* _Activity_
Please restate the listing word for word, omitting the images.

※

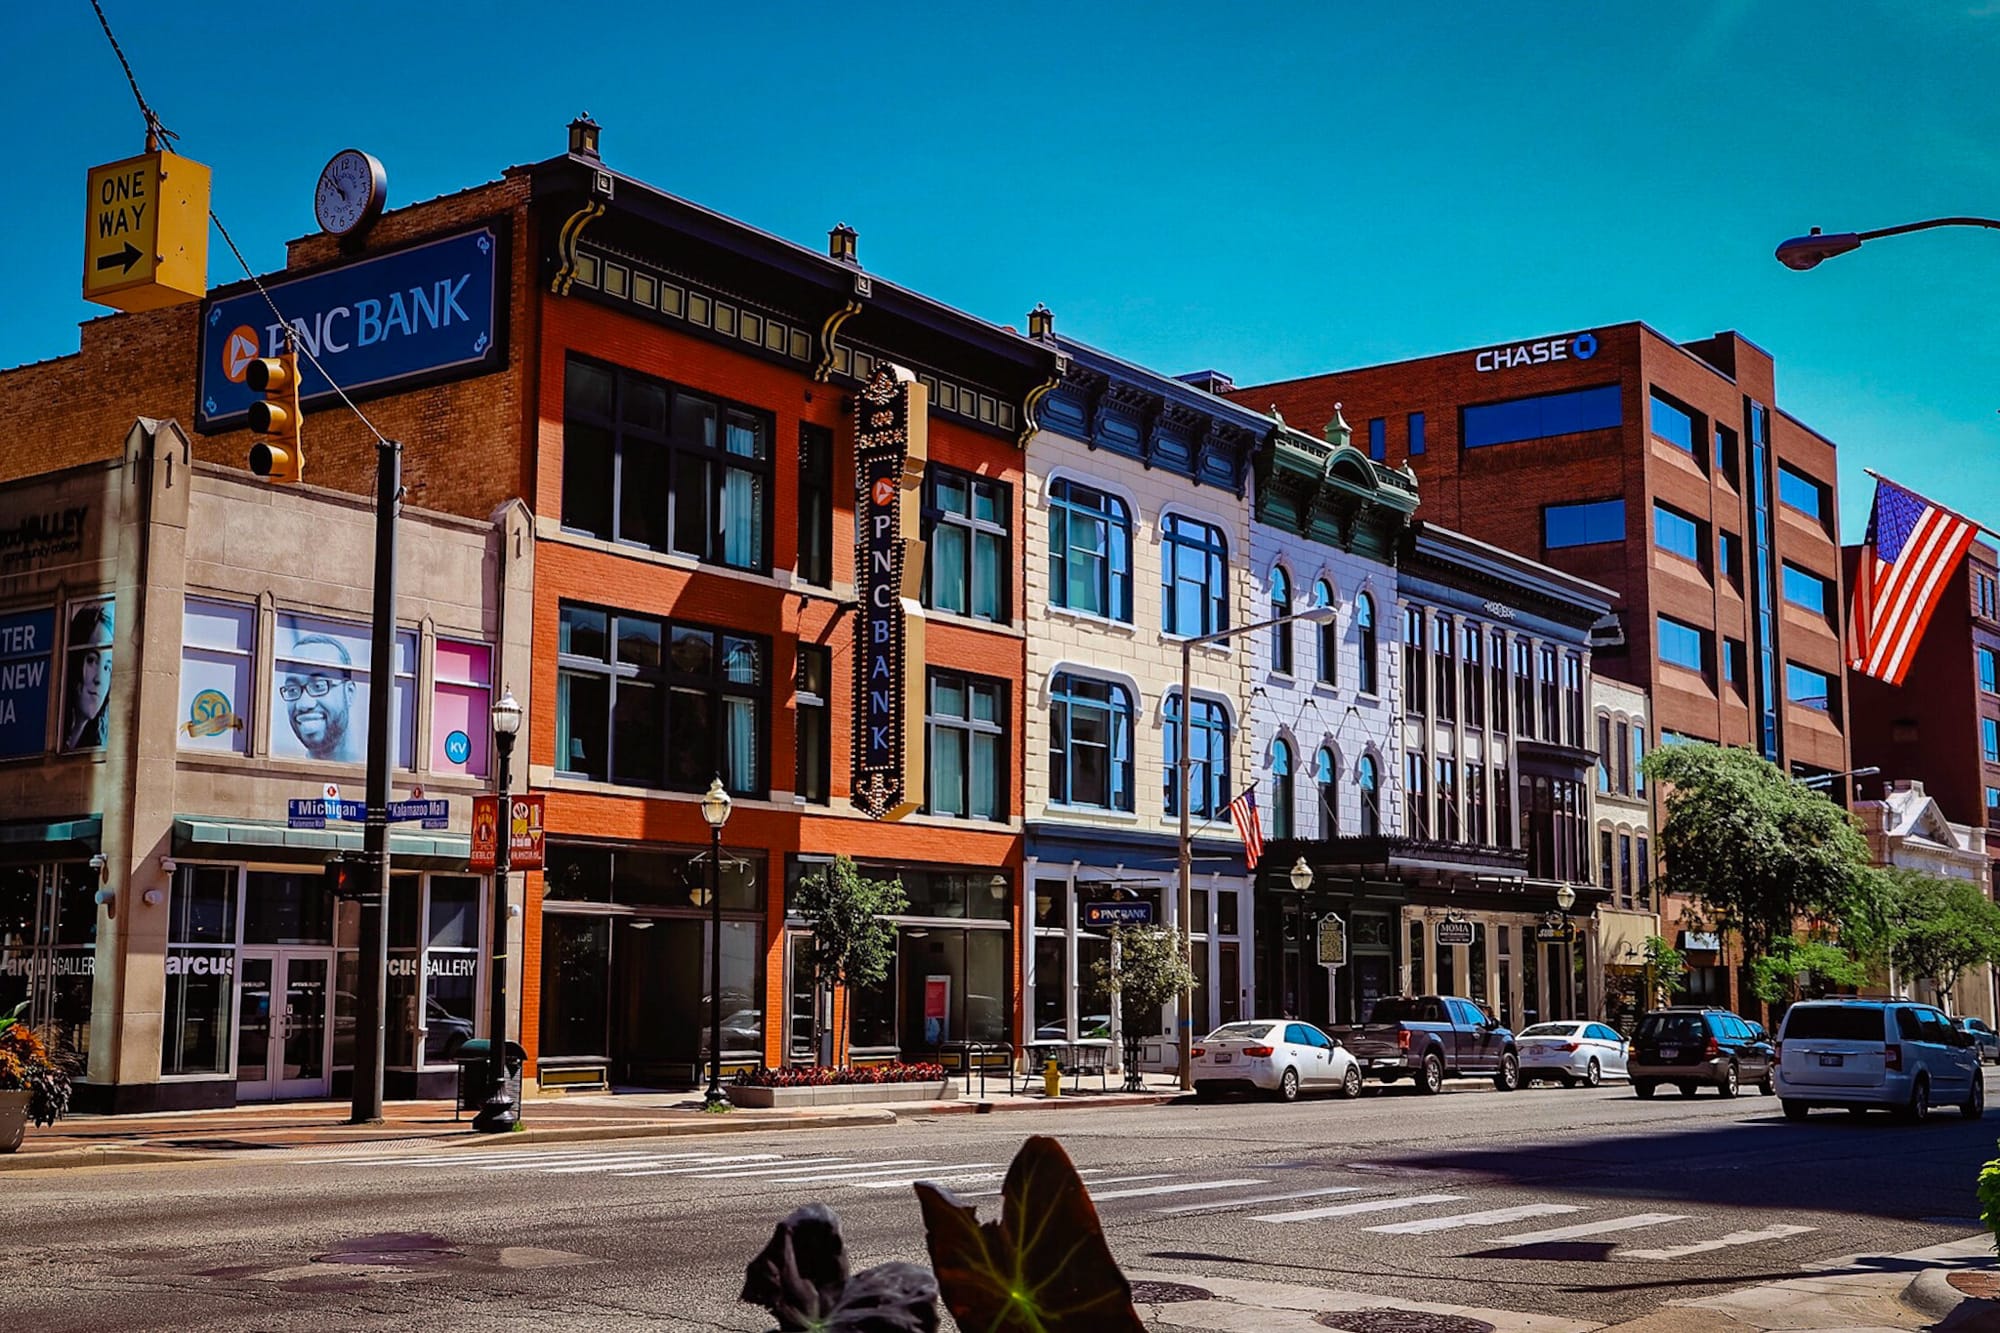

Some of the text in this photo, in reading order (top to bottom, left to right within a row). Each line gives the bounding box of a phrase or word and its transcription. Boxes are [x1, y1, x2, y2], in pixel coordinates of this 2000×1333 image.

[101, 171, 145, 205] ONE
[99, 202, 146, 239] WAY
[265, 273, 471, 359] PNC BANK
[1475, 339, 1568, 372] CHASE
[871, 515, 892, 750] PNC BANK
[2, 661, 45, 691] NEW
[450, 741, 467, 755] KV
[298, 801, 357, 819] Michigan
[393, 802, 428, 817] Kalamazoo
[429, 801, 446, 816] Mall
[1101, 909, 1146, 920] PNC BANK
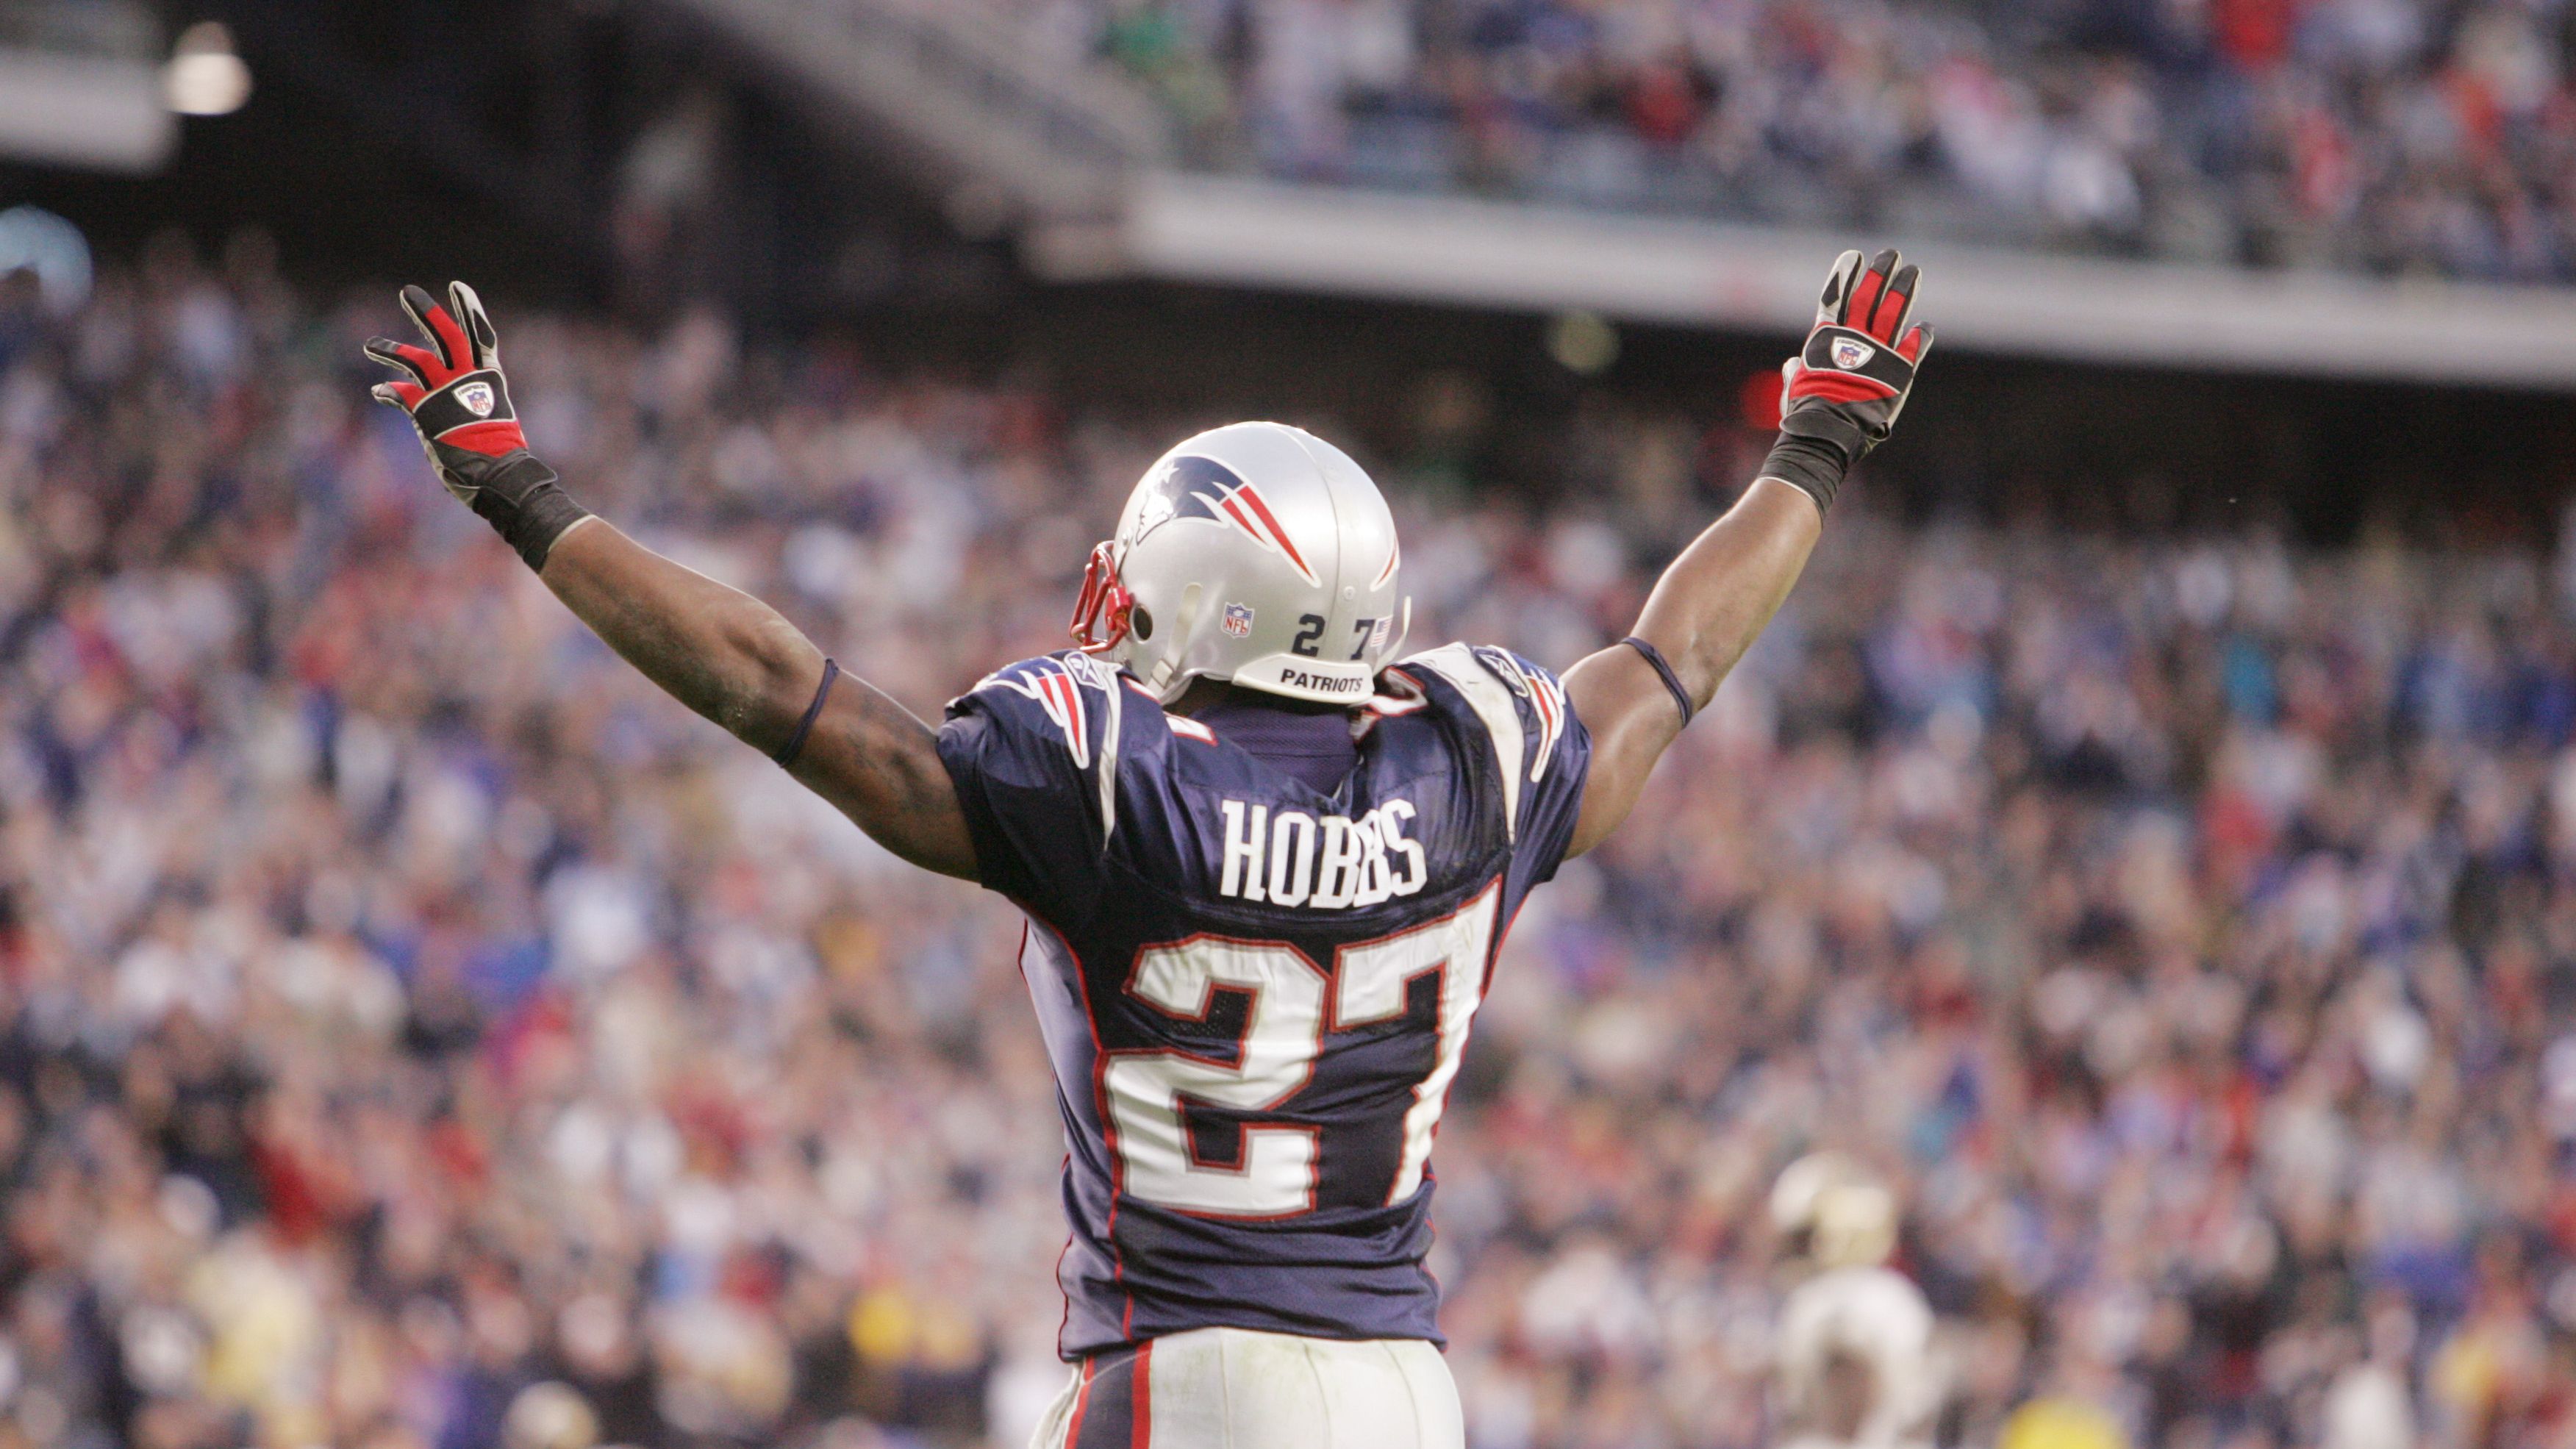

※

* _Response area_
Some of the text in this photo, in reading order (top to bottom, left to right within a row). Each line gives the bounding box of a phrase or word and its transcription. Boxes are [x1, y1, x2, y2], in pixel coordinates of this 2000×1333 image.

[101, 171, 145, 205] ONE
[99, 202, 146, 239] WAY
[265, 273, 471, 359] PNC BANK
[1475, 339, 1568, 372] CHASE
[871, 515, 892, 750] PNC BANK
[2, 661, 45, 691] NEW
[450, 741, 467, 755] KV
[298, 801, 357, 819] Michigan
[393, 802, 428, 817] Kalamazoo
[429, 801, 446, 816] Mall
[1101, 909, 1146, 920] PNC BANK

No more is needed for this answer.